Patricia Jordan is a naturopathic veterinarian in Cape Carteret, NC. Learn more at Dr-Jordan.com.
Doggie Detox Tips
Be aware that glyphosate in Monsanto’s Roundup herbicide is prevalent in nonorganic foods, widely used as a weed killer and to dry crops before harvesting. This hidden poison, in the presence of ingested mercury, makes both the glyphosate and mercury 1,000 times more toxic.
Massachusetts Institute of Technology researcher Dr. Stephani Seneff, author of the article “The Destructive Effects of Heavy Metals and Glyphosate,” reports that glyphosate is a major driver of disease. The toxin stays in a pet’s bones, as well as the bones of the food-producing animals eating genetically modified (GMO) grains that dogs chew on.
• Avoid the chemicals and toxins commonly found in many lawn care supplies, household cleaners and body care products. Grow food or patronize a best practices local farmer.

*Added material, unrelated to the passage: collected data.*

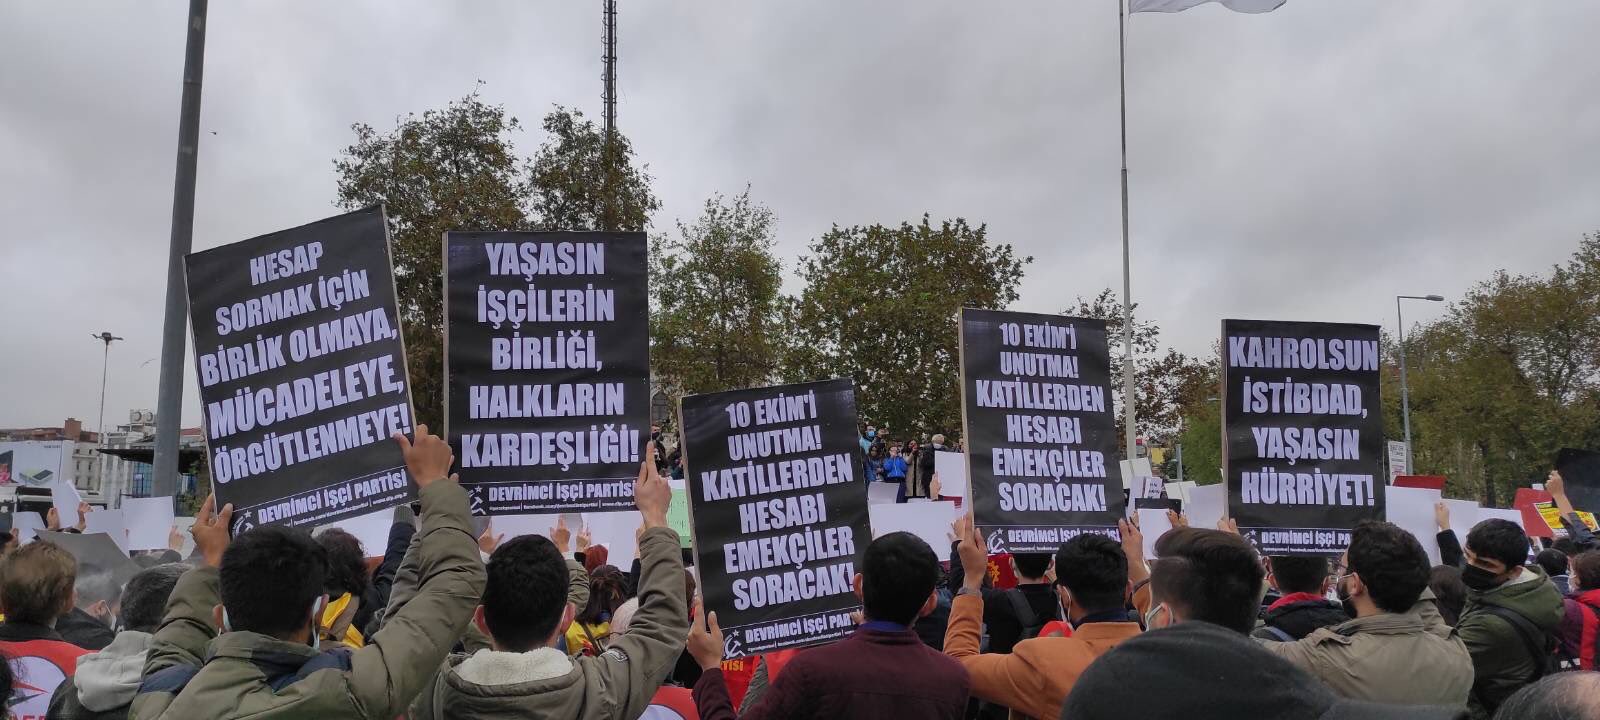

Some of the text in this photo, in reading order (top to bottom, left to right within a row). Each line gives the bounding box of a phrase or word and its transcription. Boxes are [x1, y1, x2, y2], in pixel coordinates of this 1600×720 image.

[249, 241, 323, 286] HESAP
[485, 241, 605, 282] YAŞASIN
[215, 269, 370, 336] SORMAK İÇİN
[477, 283, 615, 329] İŞÇİLERİN
[200, 307, 398, 388] BİRLİK OLMAYA,
[492, 329, 603, 372] BİRLİĞİ,
[999, 321, 1077, 350] 10 EKİM'İ
[1229, 336, 1379, 371] KAHROLSUN
[1000, 351, 1079, 379] UNUTMA!
[207, 354, 404, 440] MÜCADELEYE,
[469, 382, 625, 419] HALKLARIN
[725, 389, 817, 429] 10 EKİM'İ
[975, 376, 1105, 413] KATİLLERDEN
[1242, 376, 1368, 419] İSTİBDAD,
[214, 402, 411, 484] ÖRGÜTLENMEYE!
[461, 423, 639, 471] KARDEŞLİĞİ!
[727, 425, 822, 461] UNUTMA!
[1006, 414, 1082, 444] HESABI
[1251, 426, 1360, 466] YAŞASIN
[701, 453, 854, 502] KATİLLERDEN
[992, 445, 1106, 483] EMEKÇİLER
[258, 490, 322, 525] DEVRİMCİ
[323, 482, 353, 508] İŞÇİ
[354, 469, 408, 499] PARTİSİ
[488, 479, 636, 502] DEVRİMCİ İŞÇİ PARTİSİ
[998, 483, 1107, 512] SORACAK!
[1241, 466, 1375, 507] HÜRRİYET!
[738, 493, 827, 534] HESABI
[723, 525, 855, 574] EMEKÇİLER
[1007, 527, 1058, 543] DEVRİMCİ
[1261, 530, 1314, 545] DEVRİMCİ
[1315, 530, 1336, 548] İŞÇİ
[732, 562, 855, 611] SORACAK!
[745, 618, 802, 644] DEVRİMCİ
[803, 614, 828, 635] İŞÇİ

• Be diligent in sourcing for clean, unprocessed food. Learn about biodynamic farming and step up from organic to biodynamic.
• Don’t hamper the immune system with unsafe and unnecessary vaccinations and drugs.
• Spend time in the sunshine.
• Exercise. The lymphatic system won’t work and the body can’t purge spent mitochondria or make new ones without it.
• Incorporate beneficial bugs through prebiotics and probiotics and enzymes. Learn to ferment and sprout, and add these ingredients to family and pet meals.